> _Task requirements_:
From the first record through the last, copy each one exactly.

> _Data_:

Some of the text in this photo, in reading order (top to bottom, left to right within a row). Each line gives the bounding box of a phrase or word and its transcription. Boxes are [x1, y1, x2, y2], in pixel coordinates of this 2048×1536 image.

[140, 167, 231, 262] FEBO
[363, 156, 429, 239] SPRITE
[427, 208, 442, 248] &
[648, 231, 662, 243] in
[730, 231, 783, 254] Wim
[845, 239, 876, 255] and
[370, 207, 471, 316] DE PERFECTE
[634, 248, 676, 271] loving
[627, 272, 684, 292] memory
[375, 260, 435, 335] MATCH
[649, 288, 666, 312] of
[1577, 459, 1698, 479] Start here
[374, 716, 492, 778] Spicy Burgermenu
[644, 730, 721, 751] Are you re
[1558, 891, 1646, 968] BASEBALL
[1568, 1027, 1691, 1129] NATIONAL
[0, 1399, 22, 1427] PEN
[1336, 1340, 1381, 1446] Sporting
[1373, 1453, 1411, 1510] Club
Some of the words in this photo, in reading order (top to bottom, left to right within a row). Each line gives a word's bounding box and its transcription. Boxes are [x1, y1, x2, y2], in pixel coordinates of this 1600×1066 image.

> _Problem solution_:
Some of the text in this photo, in reading order (top to bottom, left to right within a row). Each line gives the bounding box of a phrase or word and its transcription. Boxes are [x1, y1, x2, y2], in pixel coordinates of this 2048×1536 image.

[140, 167, 231, 262] FEBO
[363, 156, 429, 239] SPRITE
[427, 208, 442, 248] &
[648, 231, 662, 243] in
[730, 231, 783, 254] Wim
[845, 239, 876, 255] and
[370, 207, 471, 316] DE PERFECTE
[634, 248, 676, 271] loving
[627, 272, 684, 292] memory
[375, 260, 435, 335] MATCH
[649, 288, 666, 312] of
[1577, 459, 1698, 479] Start here
[374, 716, 492, 778] Spicy Burgermenu
[644, 730, 721, 751] Are you re
[1558, 891, 1646, 968] BASEBALL
[1568, 1027, 1691, 1129] NATIONAL
[0, 1399, 22, 1427] PEN
[1336, 1340, 1381, 1446] Sporting
[1373, 1453, 1411, 1510] Club
Some of the words in this photo, in reading order (top to bottom, left to right within a row). Each line gives a word's bounding box and its transcription. Boxes are [x1, y1, x2, y2], in pixel coordinates of this 1600×1066 image.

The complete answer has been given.